A simple/basic fixed-length reader configuration:
<?xml version="1.0"?>
<smooks-resource-list xmlns="https://www.smooks.org/xsd/smooks-2.0.xsd"
xmlns:fl="https://www.smooks.org/xsd/smooks/fixed-length-1.4.xsd">
<!-- Configure the fixed-length reader to parse the message into a stream of SAX events. -->
<fl:reader fields="firstname[10],lastname[10],gender[1],age[2],country[2]" skipLines="1" />
</smooks-resource-list>
Example input file:
#HEADER Tom Fennelly M 21 IE Maurice Zeijen M 27 NL
The above configuration will generate an event stream of the form:
<set>
<record>
<firstname>Tom </firstname>
<lastname>Fennelly </lastname>
<gender>M</gender>
<age> 21</age>
<country>IE</country>
</record>
<record>
<firstname>Maurice </firstname>
<lastname>Zeijen </lastname>
<gender>M</gender>
<age>27</age>
<country>NL</country>
</record>
</set>
Fields are defined in the 'fields' attribute as a comma separated list of names and field lengths.
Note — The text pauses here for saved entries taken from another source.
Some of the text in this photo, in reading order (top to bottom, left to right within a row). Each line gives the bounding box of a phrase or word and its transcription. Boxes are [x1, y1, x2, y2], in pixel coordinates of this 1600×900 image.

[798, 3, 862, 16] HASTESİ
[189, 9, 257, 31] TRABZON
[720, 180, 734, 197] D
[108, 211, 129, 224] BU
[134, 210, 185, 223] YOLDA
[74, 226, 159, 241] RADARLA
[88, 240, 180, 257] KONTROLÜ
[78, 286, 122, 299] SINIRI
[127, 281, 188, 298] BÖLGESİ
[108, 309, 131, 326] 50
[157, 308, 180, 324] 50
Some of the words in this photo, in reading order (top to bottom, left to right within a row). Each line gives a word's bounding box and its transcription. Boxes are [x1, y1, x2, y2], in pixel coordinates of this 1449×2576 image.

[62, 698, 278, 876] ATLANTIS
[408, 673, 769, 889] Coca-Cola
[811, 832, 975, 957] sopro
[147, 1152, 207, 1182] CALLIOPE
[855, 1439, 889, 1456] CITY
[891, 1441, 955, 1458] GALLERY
The field lengths must be defined between the brackets after the field name (see the example above).
The field names must follow the same naming rules like XML element names:
-
Names can contain letters, numbers, and other characters
-
Names cannot start with a number or punctuation character
-
Names cannot start with the letters xml (or XML, or Xml, etc…)
-
Names cannot contain spaces
By setting the rootElementName
and recordElementName
attributes you can modify the and element names. The same naming rules apply for these names.
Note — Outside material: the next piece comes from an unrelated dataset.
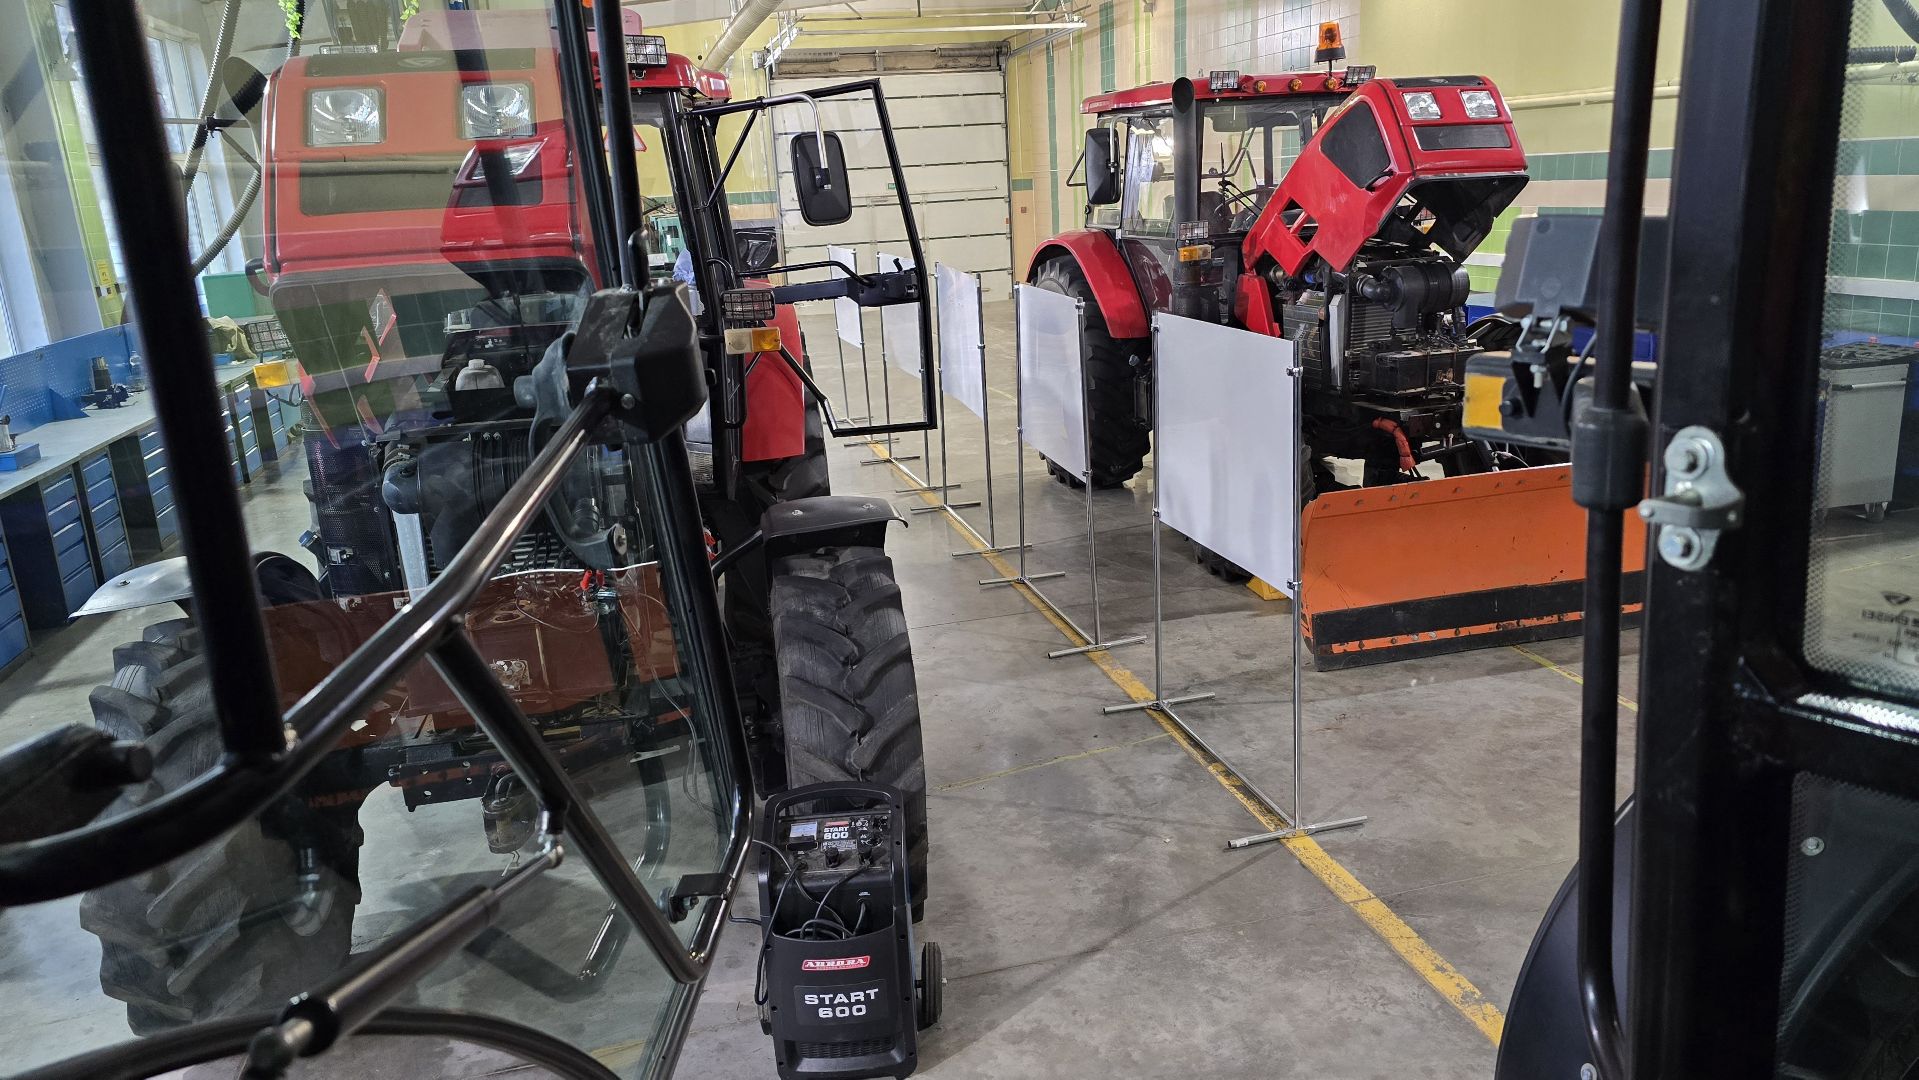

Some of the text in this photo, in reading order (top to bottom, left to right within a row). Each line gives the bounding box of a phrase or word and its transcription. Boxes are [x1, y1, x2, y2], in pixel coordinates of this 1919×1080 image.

[823, 831, 849, 840] 600
[804, 958, 866, 968] AURORA
[804, 988, 879, 1005] START
[818, 1004, 867, 1018] 600
String manipulation functions can be defined per field. These functions are executed before that the data is converted into SAX events. The functions are defined after the field length definitions and are optionally separated with a question mark.
<?xml version="1.0"?>
<smooks-resource-list xmlns="https://www.smooks.org/xsd/smooks-2.0.xsd"
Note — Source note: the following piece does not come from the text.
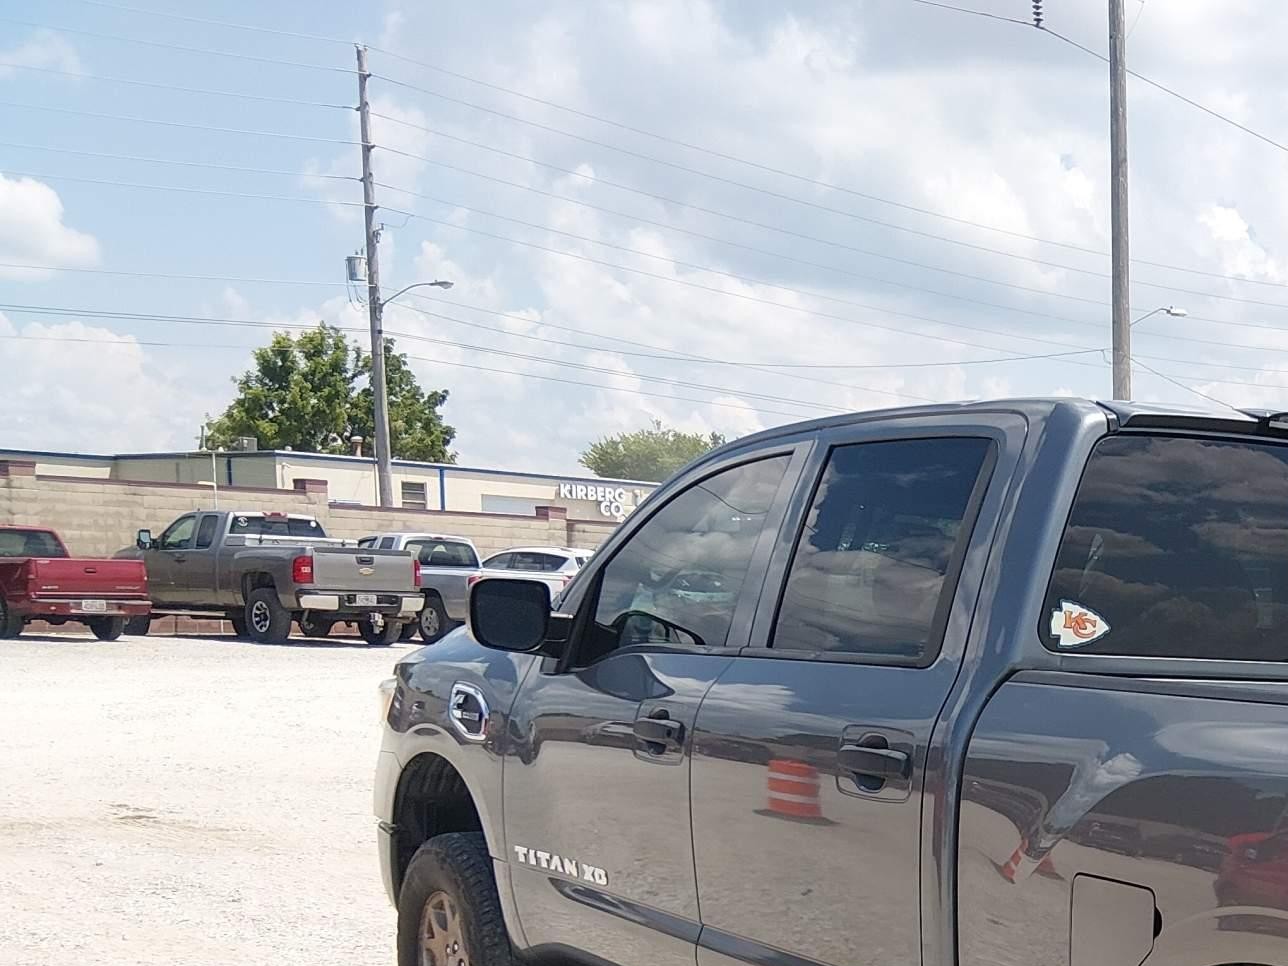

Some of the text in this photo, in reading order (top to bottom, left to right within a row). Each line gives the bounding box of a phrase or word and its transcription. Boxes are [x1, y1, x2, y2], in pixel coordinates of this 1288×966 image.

[559, 483, 625, 502] KIRBERG
[600, 501, 623, 517] CO
[514, 845, 608, 886] TITAN XD
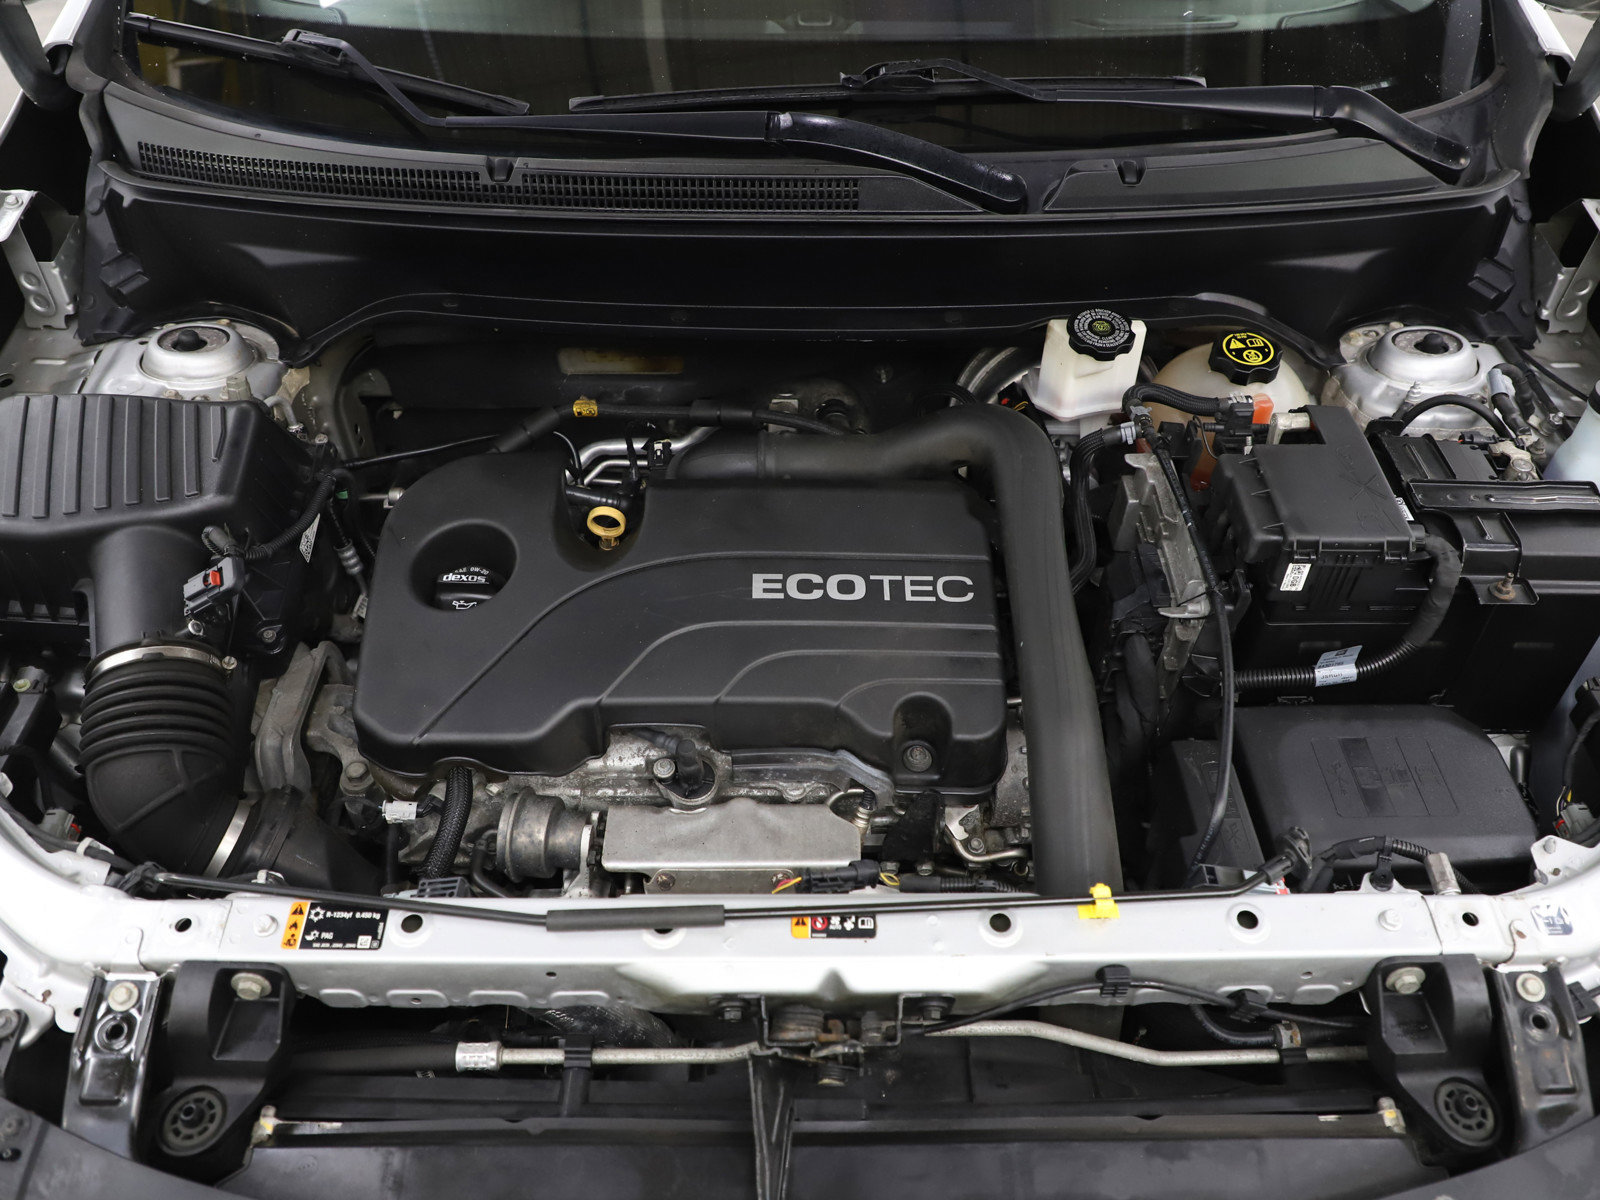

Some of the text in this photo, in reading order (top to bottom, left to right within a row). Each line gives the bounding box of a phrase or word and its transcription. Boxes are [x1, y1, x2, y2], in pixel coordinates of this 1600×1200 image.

xmlns:fl="https://www.smooks.org/xsd/smooks/fixed-length-1.4.xsd">
<!-- Configure the fixed-length reader to parse the message into a stream of SAX events. -->
<fl:reader fields="firstname[10]?trim,lastname[10]trim.capitalize,gender[1],age[2],country[2]" skipLines="1" />
</smooks-resource-list>
The following functions are available:
-
upper_case
: Returns the upper case version of the string. -
lower_case
: Returns the lower case version of the string. -
cap_first
: Returns the string with the very first word of the string capitalized. -
uncap_first
: Returns the string with the very first word of the string un-capitalized. The opposite tocap_first
. -
capitalize
: Returns the string with all words capitalized. -
trim
: Returns the string without leading and trailing white-spaces. -
left_trim
: Returns the string without leading white-spaces. -
right_trim
: Returns the string without trailing white-spaces.
Functions can be chained via the point separator: trim.upper_case
. It depends on the reader how the functions are defined per field. Please look at the individual chapters of the readers for that information.
Characters ranges of a fixed-length record can be ignored by specifying the $ignore$[10]
token in the fields configuration value. You must specify the number of characters that need be ignored, just as a normal field.
<?xml version="1.0"?>
<smooks-resource-list xmlns="https://www.smooks.org/xsd/smooks-2.0.xsd"
xmlns:fl="https://www.smooks.org/xsd/smooks/fixed-length-1.4.xsd">
<fl:reader fields="firstname,$ignore$[2],age,$ignore$[10]" />
</smooks-resource-list>
Smooks v1.2 has added support for making the binding of fixed-length records to Java Objects a very trivial task. You don’t need to use the Javabean Cartridge directly (i.e. Smooks main Java binding functionality).
A Persons fixed-length record set such as:
Tom Fennelly M 21 IE Maurice Zeijen M 27 NL
Can be bound to a Person of (no getters/setters):
public class Person {
private String firstname;
private String lastname;
private String country;
private String gender;
private int age;
}
Using a config of the form:
<?xml version="1.0"?>
<smooks-resource-list xmlns="https://www.smooks.org/xsd/smooks-2.0.xsd"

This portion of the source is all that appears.